November’s meager additions to clean energy employment continues a steady but slowing pattern of growth in the six months since the industry’s low point in May of more than 620,000 jobs lost. The report notes that “Black and Hispanic workers continue to suffer from disproportionately high levels of unemployment” as compared with their white counterparts.

California had the largest monthly increase in November, with more than 1,700 jobs returning in November, though growth in the state still hovers below a half percent. And Georgia is faring particularly badly, with its clean energy sector facing more than 30 percent unemployment. 

Economy-wide, public sector employment in particular has continued to drop, which report author and BW Research Vice President Philip Jordan attributes to falling revenues and increased pandemic-related expenses at the state level. And the long-term unemployment rate has grown substantially since March, representing 37 percent of the 10.7 million total people unemployed.

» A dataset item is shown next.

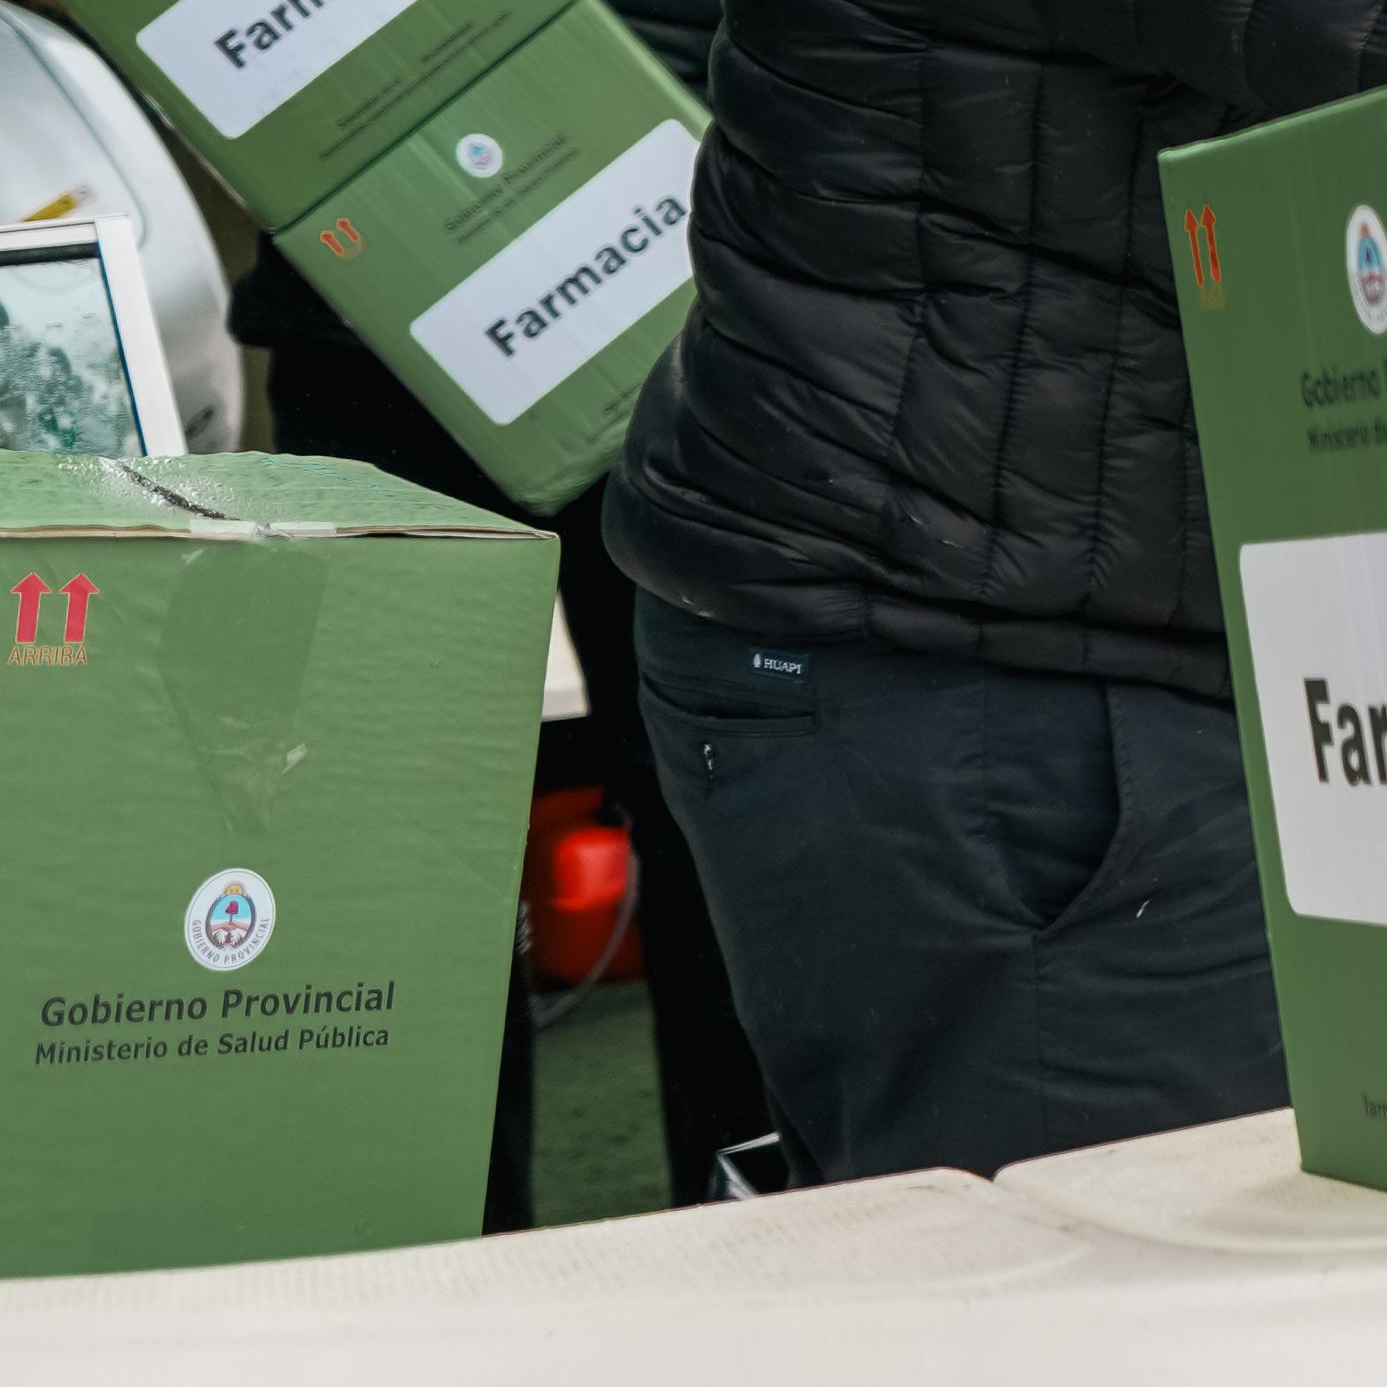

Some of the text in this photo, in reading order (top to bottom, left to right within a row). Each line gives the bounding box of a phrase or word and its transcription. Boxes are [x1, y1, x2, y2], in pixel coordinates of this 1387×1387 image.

[484, 197, 688, 357] Farmacia
[7, 644, 88, 666] ARRIBA
[41, 981, 395, 1027] Gobierno Provincial
[35, 1025, 390, 1064] Ministerio de Salud Pública

BW Research’s November jobs analysis -- co-commissioned by Environmental Entrepreneurs (E2), E4TheFuture and the American Council on Renewable Energy -- draws on U.S. Bureau of Labor Statistics data for both October and the first half of November, as well as the Department of Labor’s weekly unemployment summaries. It also pulls from the Dec. 4 jobs report, which documented 344,000 new jobs created nationwide last month.

Lisa Martine Jenkins previously worked at Morning Consult as a senior reporter covering energy and climate change.